PET-based radiomics classifiers derived from routine pre-treatment imaging possess intrinsic prognostic information for risk stratification of NSCLC patients to radiotherapy/chemo-radiotherapy.

Keywords

Radiomics NSCLC Survival PET Risk stratification 

Introduction

Lung malignancy is a leading cause of cancer-related death, with a predicted 5-year survival rate of 8–13% [1]. Worldwide, approximately 1.8 million new cases were diagnosed in 2012. Distinct from histology, stage, and performance status, the ability to provide prognosis on the basis of tumor biology is often lacking in current clinical practice. More recently, DNA sequencing from several tumor regions has been undertaken to highlight spatio-temporal mutational heterogeneity [2, 3]. Currently, imaging identifies the sites of disease and response to treatment by assessing the change in size but other than TNM staging provides limited prognostic information. In addition, outcomes of patients within each TNM staging group can vary widely highlighting the need for more accurate prognostic markers. Potential interventional methods to assess genetic heterogeneity will probably employ multi-core invasive biopsy, which limits its safe use for routine prognosis determination. The micro- and macro-structure of tumors, however, also harbor heterogeneous phenotypes due to factors such as hypoxia, necrosis, directional/non-directional tumor cell growth, vascular density, and immune infiltration. It is hypothesized that the asymmetric local, regional, and global density and architectural distortions of tumor phenotypes could have prognostic value, and this has resulted in a new 'omics' — radiomics [4, 5, 6] — whereby quantitative features describing tumor phenotypes are extracted in high-throughput from routine radiologic images and further processed by machine learning methods for prognostication; such high-dimensional output of tumor phenotypic heterogeneity is thought to have important prognostic value, with drug resistance and potential for development of metastatic spread implied.

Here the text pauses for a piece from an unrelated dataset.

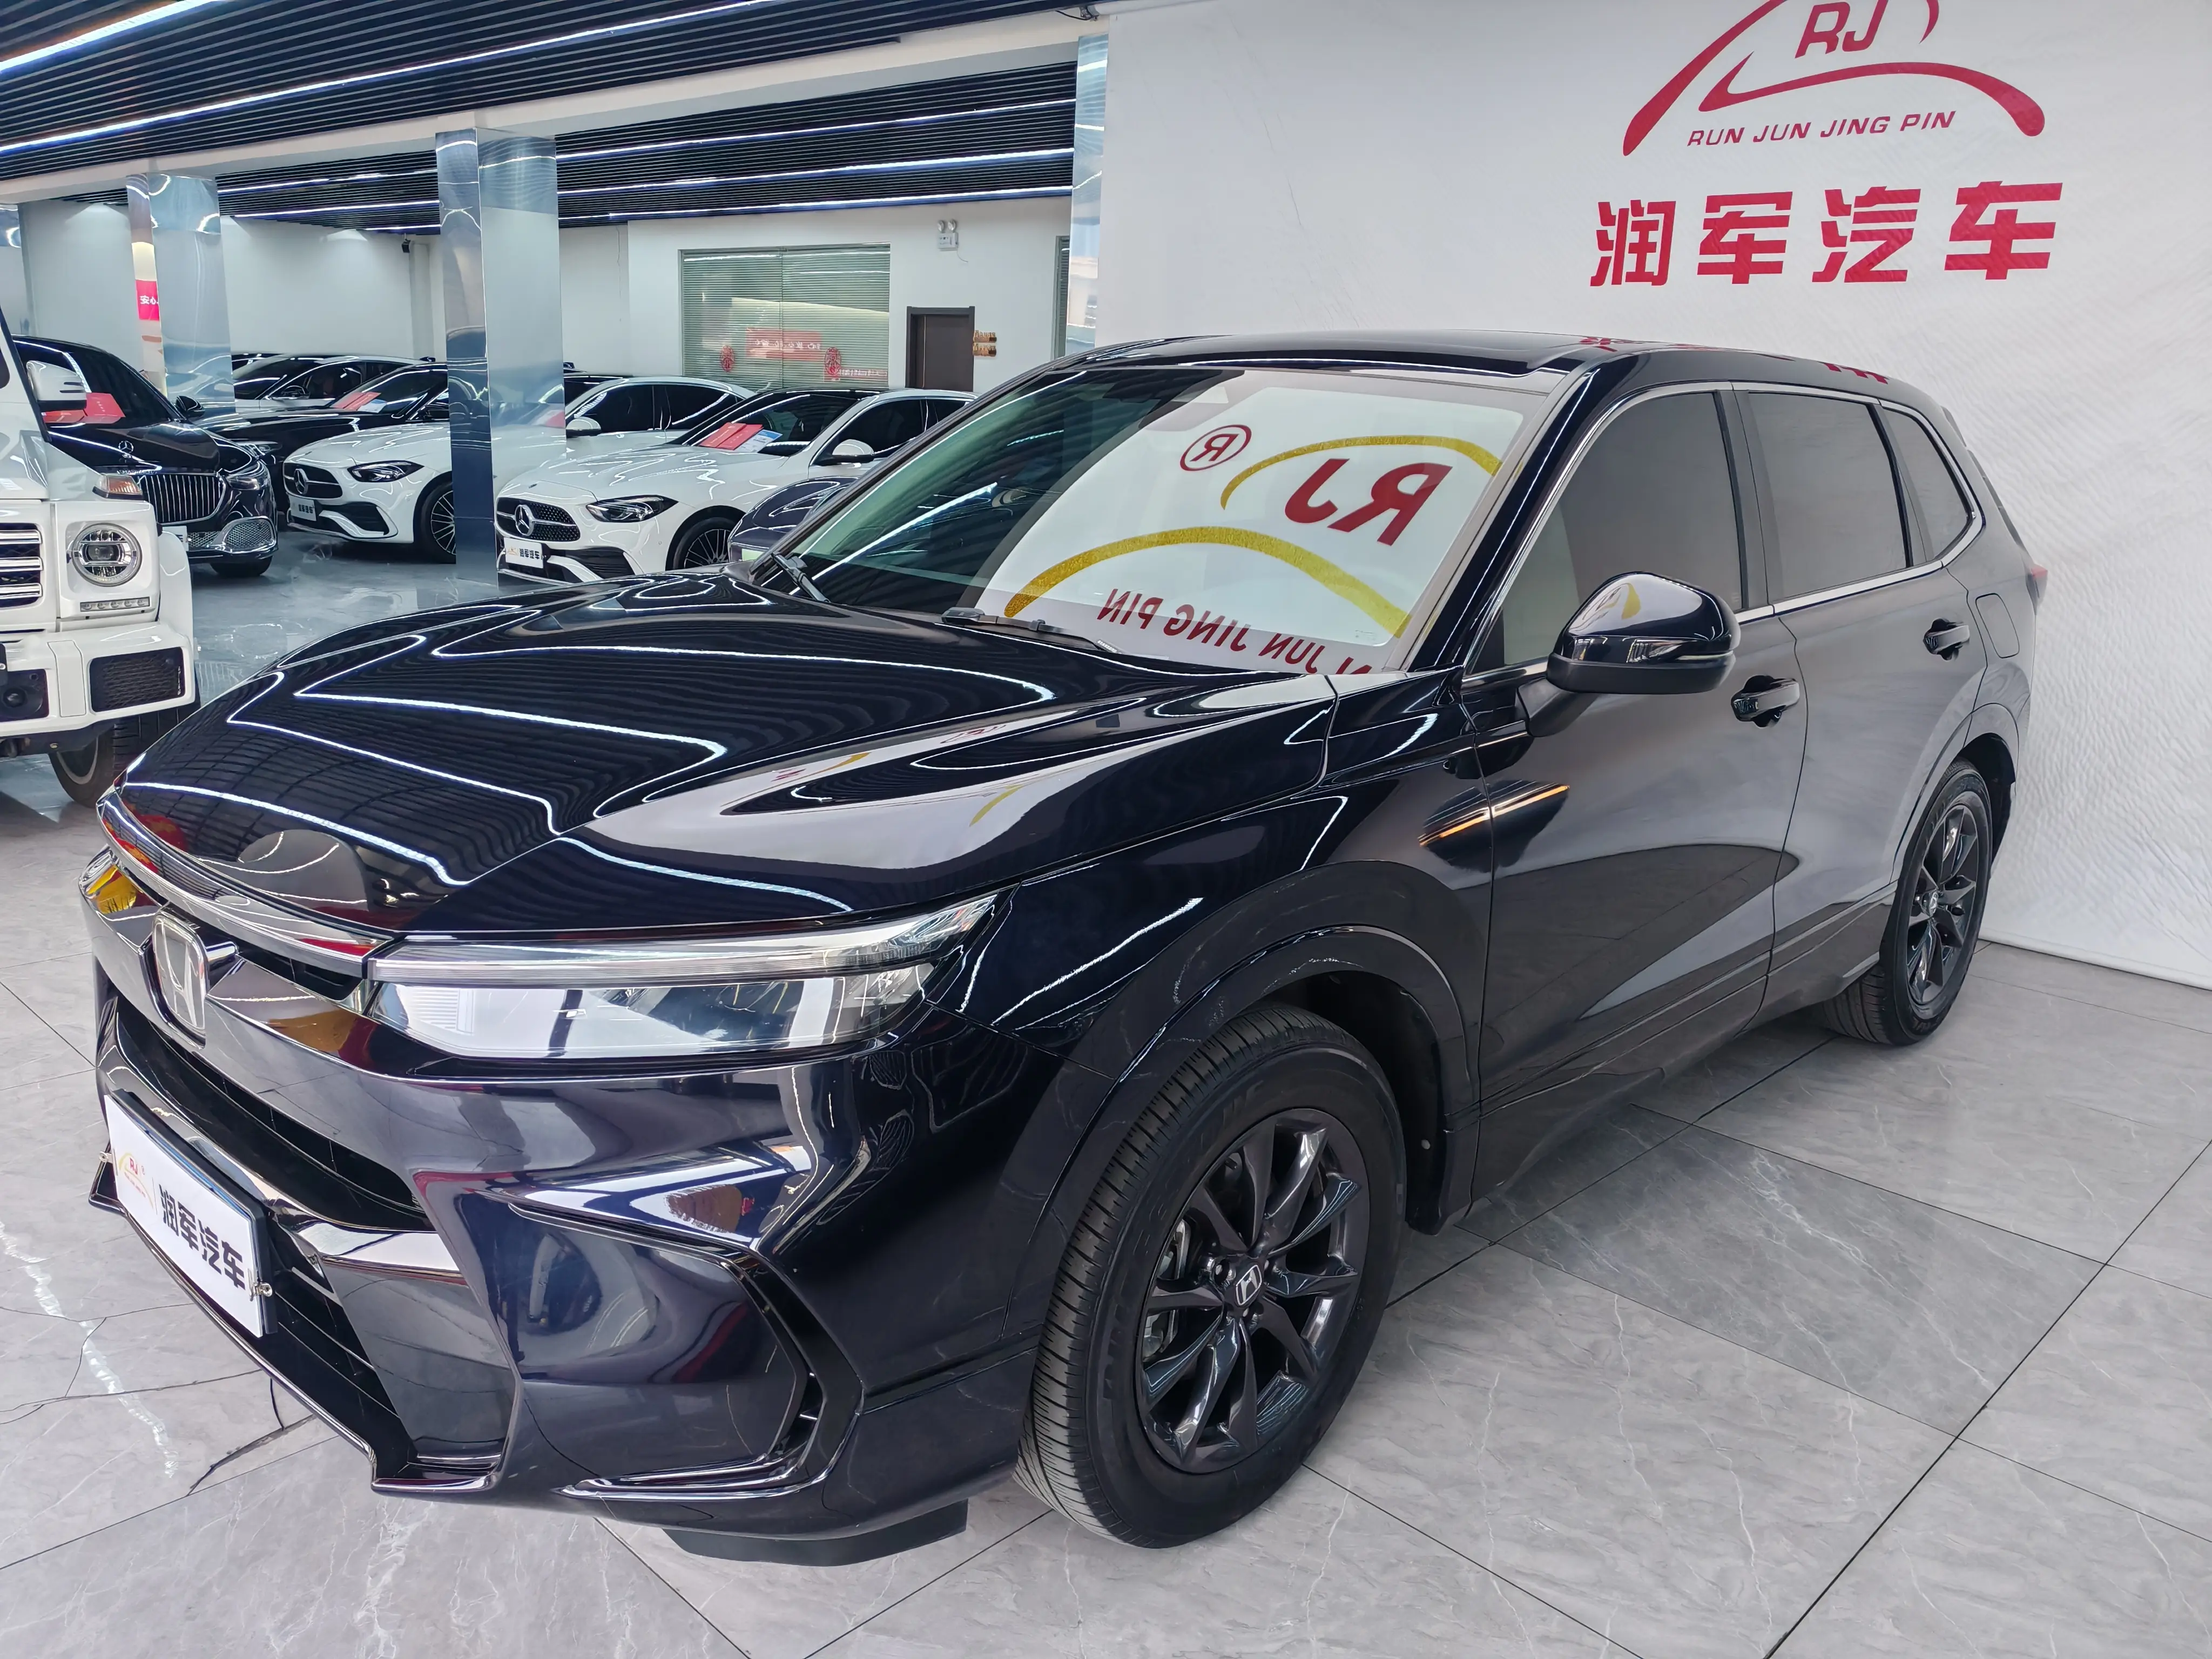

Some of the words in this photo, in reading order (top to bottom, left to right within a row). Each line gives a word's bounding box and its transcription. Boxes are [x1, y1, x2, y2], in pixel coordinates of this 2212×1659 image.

2-deoxy-2-18Fluorine-fluoro-D-glucose positron emission tomography-computed tomography (FDG-PET/CT) is routinely used for staging lung cancer prior to consideration of radical treatment such as surgery or chemo-radiotherapy including the use of stereotactic body radiotherapy. Indeed, radiomics classifiers based on the CT component have been investigated for predicting lung cancer histology and shown to have moderate prediction accuracy [7]. Beyond the use of FDG-PET/CT for staging, we investigated in the present study whether pre-therapy radiomics features derived from routine FDG-PET/CT examinations of non-small-cell lung cancer (NSCLC) patients who were subsequently treated with radiotherapy/chemo-radiotherapy across multiple hospitals might harbor useful prognostic information.

Patients and methods

Patients and procedures

The inclusion criteria were consecutive patients with non-small-cell lung cancer (NSCLC), or entire available cohort for The Cancer Imaging Archive (TCIA) (http://cancerimagingarchive.net/, last accessed June 2015), with a target lesions ≥ 5 ml who had a pre-therapy FDG-PET/CT scan available and underwent radical radiotherapy with or without chemotherapy between October 2008 and December 2013. The minimum lesion volume of interest (VOI) of 5 ml was selected, in accordance with work carried out by Soussan et al. [8]. Exclusion criteria were patients undergoing surgery or palliative treatment. Institutional ethical approval for retrospective analysis was obtained, and informed consent was waived.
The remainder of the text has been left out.